Exposure to Low-Frequency Radiation Changes the Expression of Nestin, VEGF, BCRP and Apoptosis Markers During Glioma Treatment Strategy: An In Vitro Study

Author(s): Maryam Amirinejad, Seyed Hassan Eftekhar-Vaghefi*, Seyed Noureddin Nematollahi Mahani, Moein Salari, Rasoul Yahyapour and Meysam Ahmadi-Zeidabadi*

Volume 17, Issue 1, 2024

Published on: 04 October, 2023

Page: [55 - 67] Pages: 13

DOI: 10.2174/0118744710258350230921065159

Price: $65

Abstract

Background: Exposure to physical contamination during chemotherapy, including non-ionizing electromagnetic fields, raises concerns about the widespread sources of exposure to this type of radiation. Glioblastoma multiforme (GBM) is an aggressive central nervous system tumor that is hard to treat due to resistance to drugs such as temozolomide (TMZ).

Objective: Electromagnetic fields (EMF) and haloperidol (HLP) may have anticancer effects. In this study, we investigated the effects of TMZ, HLP, and EMF on GBM cell lines and analyzed the association between non-ionizing radiation and the risk of change in drug performance.

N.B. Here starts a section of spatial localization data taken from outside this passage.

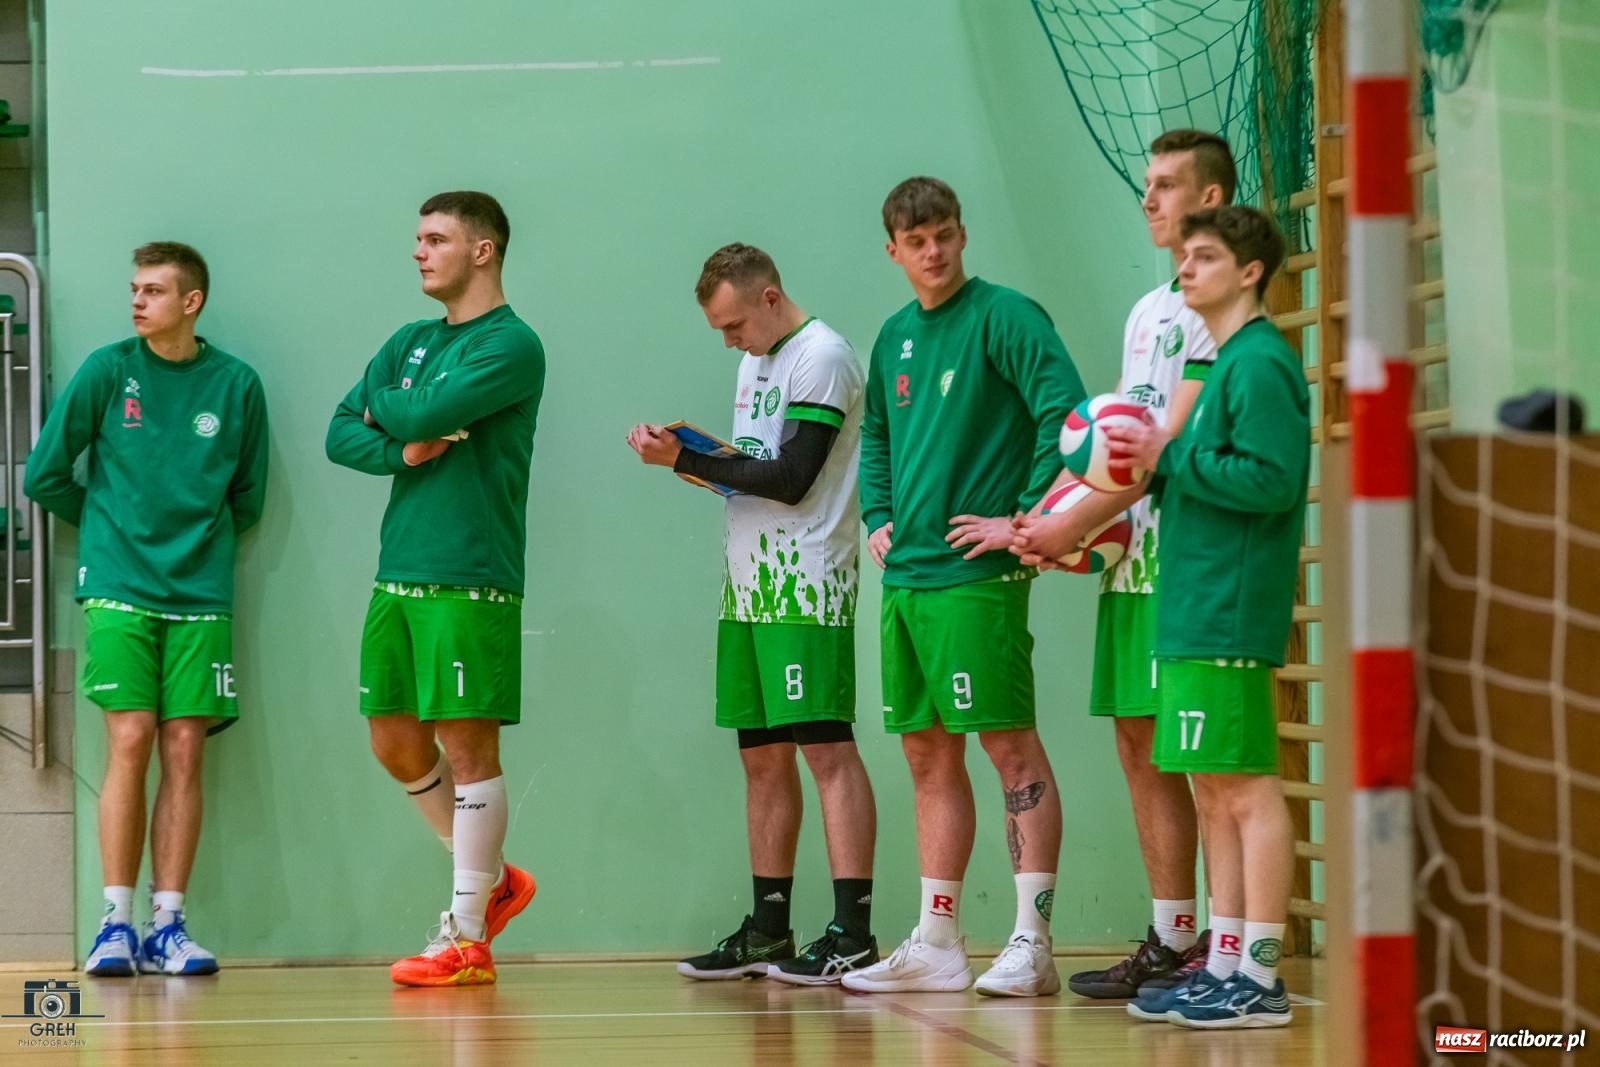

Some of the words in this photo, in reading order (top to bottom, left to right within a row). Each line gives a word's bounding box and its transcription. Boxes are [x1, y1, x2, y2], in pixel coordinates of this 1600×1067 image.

[896, 374, 911, 398] R
[124, 398, 142, 420] R
[453, 661, 464, 698] 1
[785, 664, 803, 700] 8
[952, 672, 972, 710] 9
[1178, 710, 1206, 751] 17
[933, 894, 953, 912] R
[1174, 914, 1194, 929] R
[1220, 934, 1240, 951] R
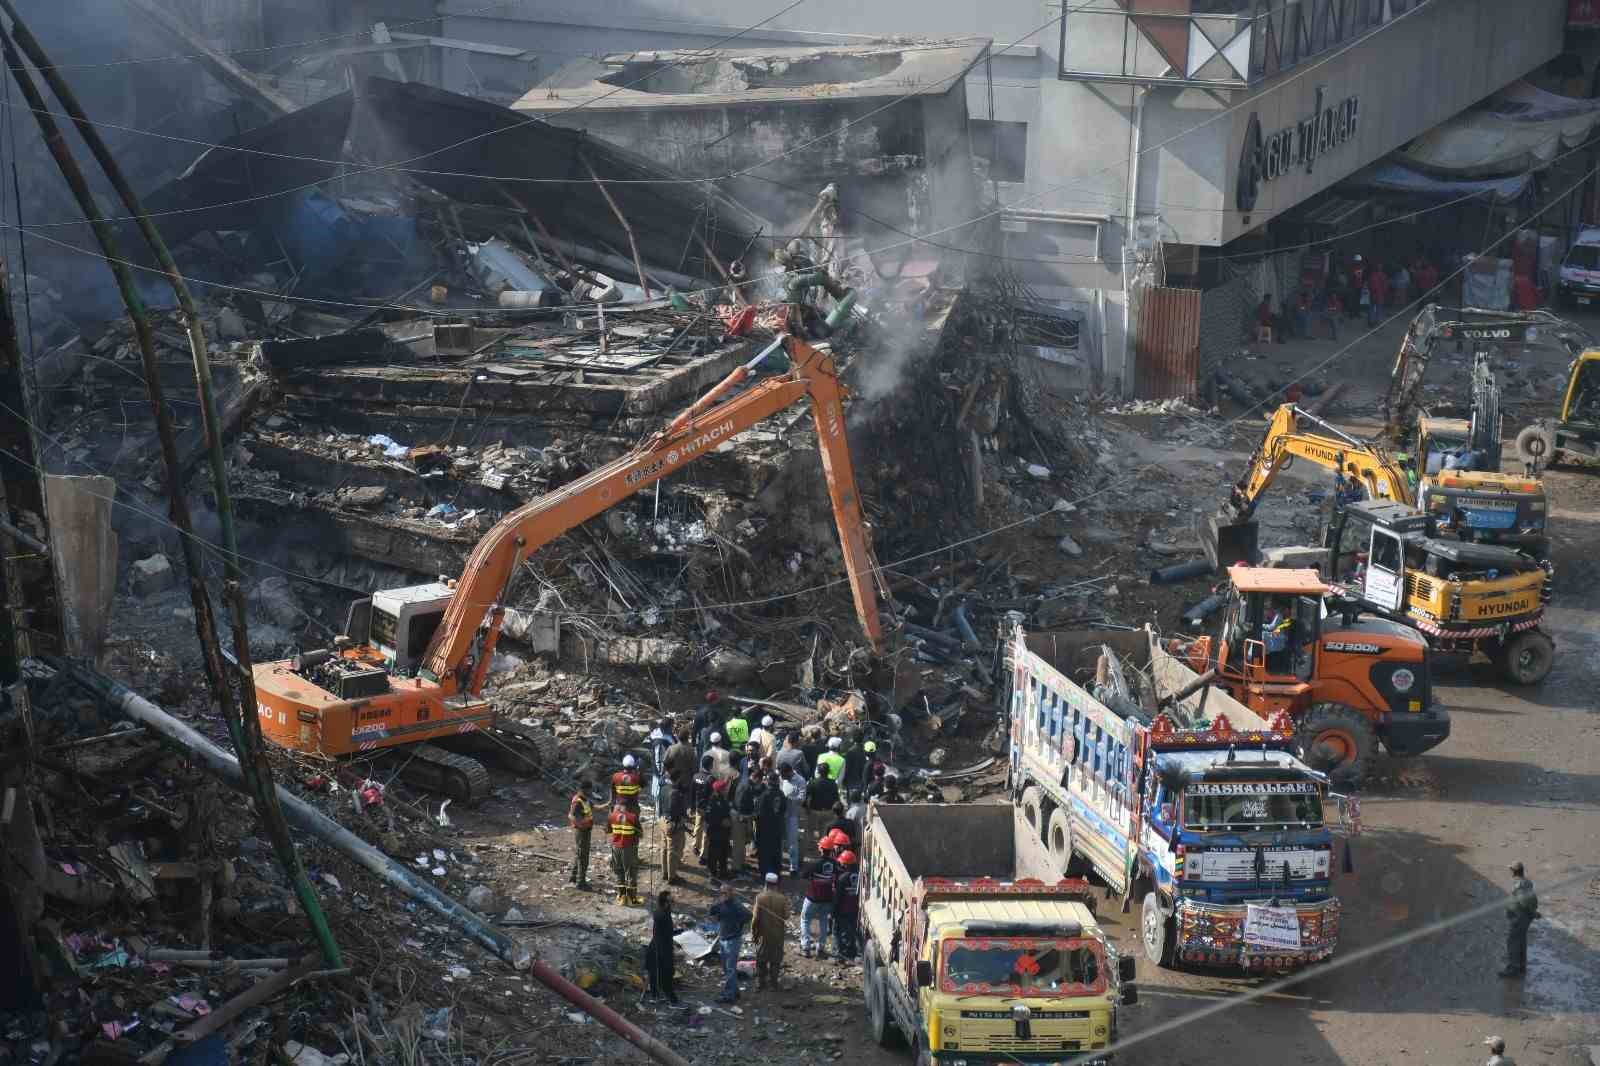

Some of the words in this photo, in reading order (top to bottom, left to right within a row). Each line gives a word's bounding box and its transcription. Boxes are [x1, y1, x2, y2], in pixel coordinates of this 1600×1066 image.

[1463, 329, 1511, 338] VOLVO
[680, 420, 734, 456] HITACHI
[1304, 444, 1337, 461] HYUND
[1478, 600, 1529, 616] HYUNDAI
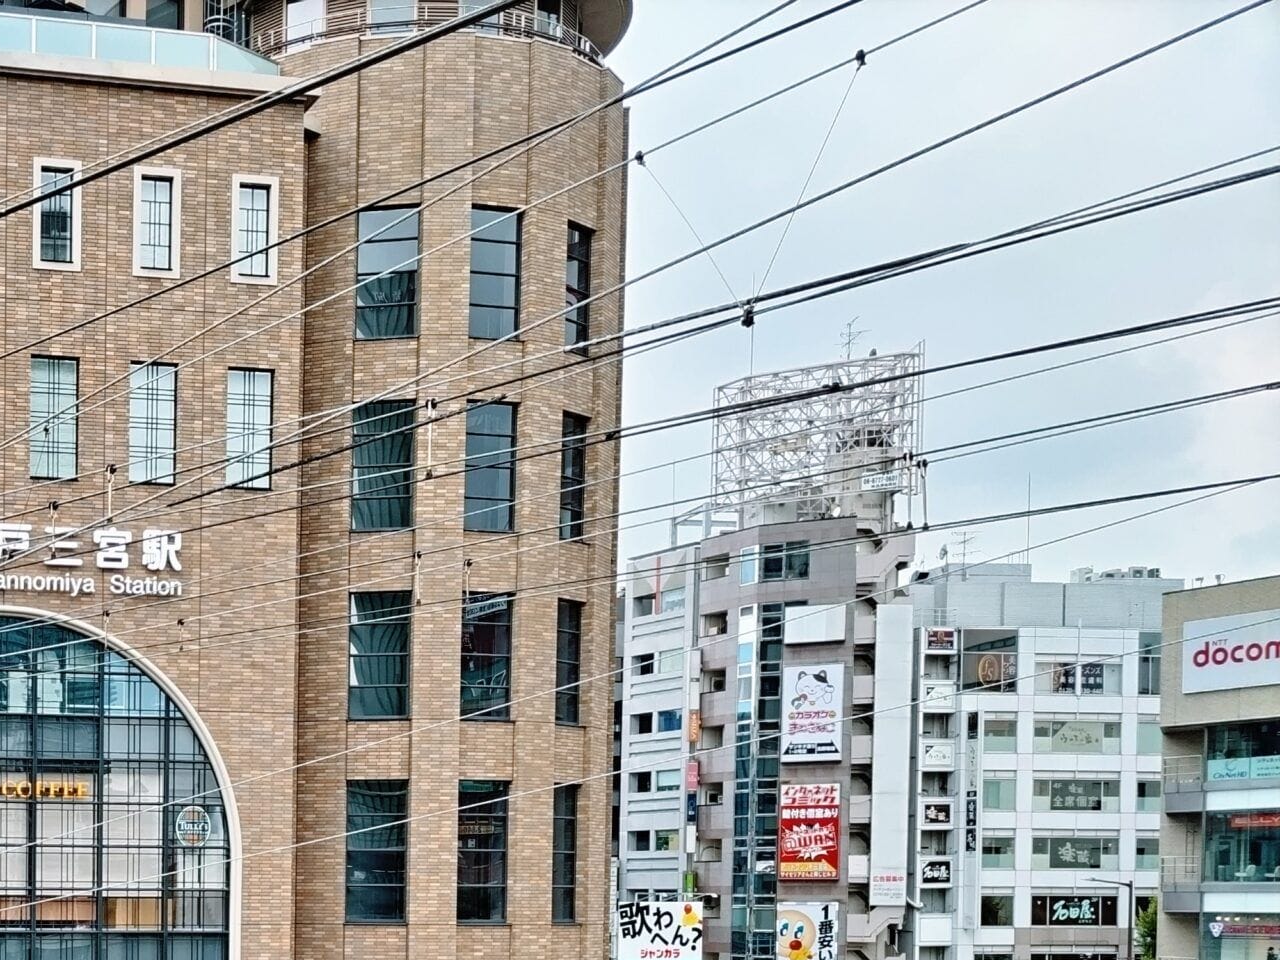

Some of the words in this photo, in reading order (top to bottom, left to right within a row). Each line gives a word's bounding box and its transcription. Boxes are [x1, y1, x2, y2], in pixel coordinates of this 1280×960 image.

[109, 575, 182, 596] Station
[2, 779, 89, 799] COFFEE
[783, 796, 836, 804] コミック
[640, 949, 680, 958] ジャンカラ

Methods: Cell viability and reactive oxygen species (ROS) generation were measured by MTT and NBT assay, respectively. Then, the expression levels of breast cancer-resistant protein (BCRP), Bax, Bcl2, Nestin, vascular endothelial growth factor (VEGF) genes, and P53, Bax, and Bcl2 Proteins were evaluated by real-time PCR and western blot.

Results: Co-treatment of GBM cells by HLP and TMZ enhanced apoptosis in T-98G and A172 cells by increasing the expression of P53 and Bax and decreasing Bcl-2. Interestingly, exposure of GBM cells to EMF decreased apoptosis in the TMZ+HLP group.

Conclusion: In conclusion, EMF reduced the synergistic effect of TMZ and HLP. This hypothesis that patients who are treated for brain tumors and suffer from depression should not be exposed to EMF is proposed in the present study. There appears to be an urgent need to reconsider exposure limits for low-frequency magnetic fields, based on experimental and epidemiological research, the relationship between exposure to non-ionizing radiation and adverse human health effects.

Keywords: Low-frequency radiation, nestin, VEGF, glioma, apoptosis, BCRP.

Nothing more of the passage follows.